クッション裏に柄の生地をもってくることで、気分が変えられるのも良いし、より特別感のあるソファに仕上がったのではないでしょうか。また永くご愛用いただけますように。。

 

 

 

 

2020-06-09

張り替え

カリモクソファ張替

これまでにも何度かご紹介してきました、カリモクの肘つきソファの張り替えです。
やはりこれだけ出会うことが多いということは、このコンパクトさが一般的な日本の住宅事情や日本人の体格にあっていて、使いやすい椅子なのですね。

今回も、がらりとイメージを変えまして、お客様が探してこられたこちらの布で張り替えました。

ミックス調のさっぱりとしたベースの生地に、きれいな色の刺繍がリズミカルに並んでいます。

カクっとした黒い合皮の雰囲気から、キルティングや座面のボタンをやめてすっきりとさせ、丸みを帯びたシンプルな形に変更しました。

一人がけは、違う布で。

こちらも優しい雰囲気になりました。

もちろん、形や布を変えているだけではなく、中身のバネをしっかりとしたものに変えて、ウレタンも良質なものをいれ、かなり座り心地もグレードアップしています。
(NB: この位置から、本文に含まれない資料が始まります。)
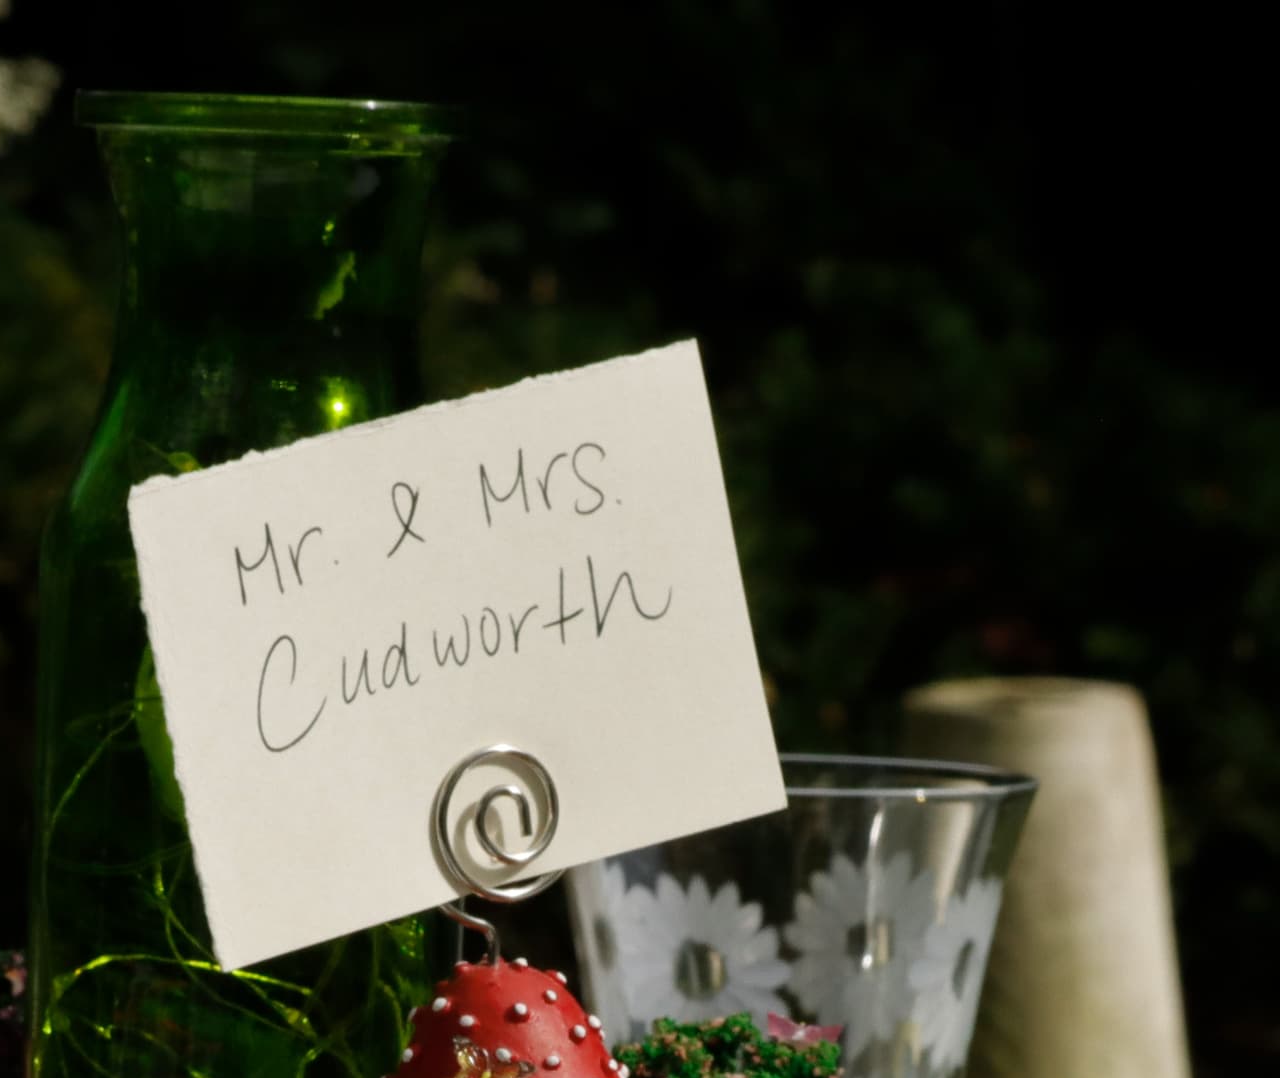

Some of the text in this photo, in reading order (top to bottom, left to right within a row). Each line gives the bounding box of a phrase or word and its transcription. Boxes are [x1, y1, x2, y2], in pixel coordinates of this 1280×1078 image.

[234, 442, 623, 606] Mr. & Mrs.
[256, 555, 673, 753] Cudworth
持ち込まれることが多いだけに、同じ椅子が、お客様のセレクトによってそれぞれの椅子に生まれ変わるところも、面白いなあと思って張り替えさせてもらっています。

 

2020-04-04

張り替え

カフェチェア張替

黒いエナメル調ビニールレザーの椅子の張り替えです。

張り替えの時には、せっかくだからとガラッと雰囲気を変えられる方もありますが、今回のケースは、現在お店の椅子として使われていて、長い期間かけて少しずつ持ち込まれては張り替えを繰り返すことと、背中はそのままで傷みのひどい座面だけを張り替えということで、張り替えたとは分からないような、元どおりの椅子を目指しました。もちろん、座面のクッションも交換し、パリッと綺麗に生まれ変わっているのですけどね。

椅子の底を見ると、学生のころオシャレな暮らしに憧れてちょこちょこ通っていた、北山にあったインテリアショップのラベルがついていて、これまた懐かしくなりました。
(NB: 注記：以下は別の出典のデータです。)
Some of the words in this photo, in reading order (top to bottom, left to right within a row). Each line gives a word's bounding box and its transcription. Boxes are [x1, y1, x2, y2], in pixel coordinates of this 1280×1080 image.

京都でアメリカンホームメイドケーキといえばここ、というお店。
いつも椅子を持ってこられると、椅子からも懐かしいような甘い香りが、、。

食べたいな〜

何て思っていたら、差し入れいただきました!

黄金に輝くアップルパイ。ご馳走さまでした。

2020-01-24

張り替え

最近の張り替えから。

肘つき椅子の張り替えご依頼(張り替え後の写真)。

釘や詰め物、作りを見ると、かなり古いものと思われます。しっかり丁寧に作られていました。今でもあるようなシンプルで細身の木枠ですが、いい味がでておりなんというか密度が違うというか、重みもしっかりとあって、新しいものでは出せない雰囲気ですね。いつものことで、撮ったはずの張り替え前写真が見当たらないのですが、、座面のゴムテープも伸びきって下に落ち、かなりくたびれた様子でした。

座面、背もたれともにS字バネを入れ、しっかりした座り心地に生まれ変わりました。
張り地はお客様ご希望の、ミナペルホネンのタンバリン柄。色味もフレームとぴったりです。

限られた生地の分量の中で、どういう柄の出方にすれば椅子が綺麗に見えるか考えつつ、座面から背もたれ、背裏までの柄のつながりも配慮し、2脚とも同じように取る。生地を広げてからいざ裁断するまでにはかなり時間をとりました。前にも書いたかもしれませんが、円に見えるけれどやや縦横の長さが違い、生地を同じ方向に取らないと少しずつ柄がずれていくので、それも要注意です。

出来上がってみれば別に気にならないところかもしれませんが、作り手としては柄が揃ってないとすっきりしない。そんなもんです。

ご依頼ありがとうございました。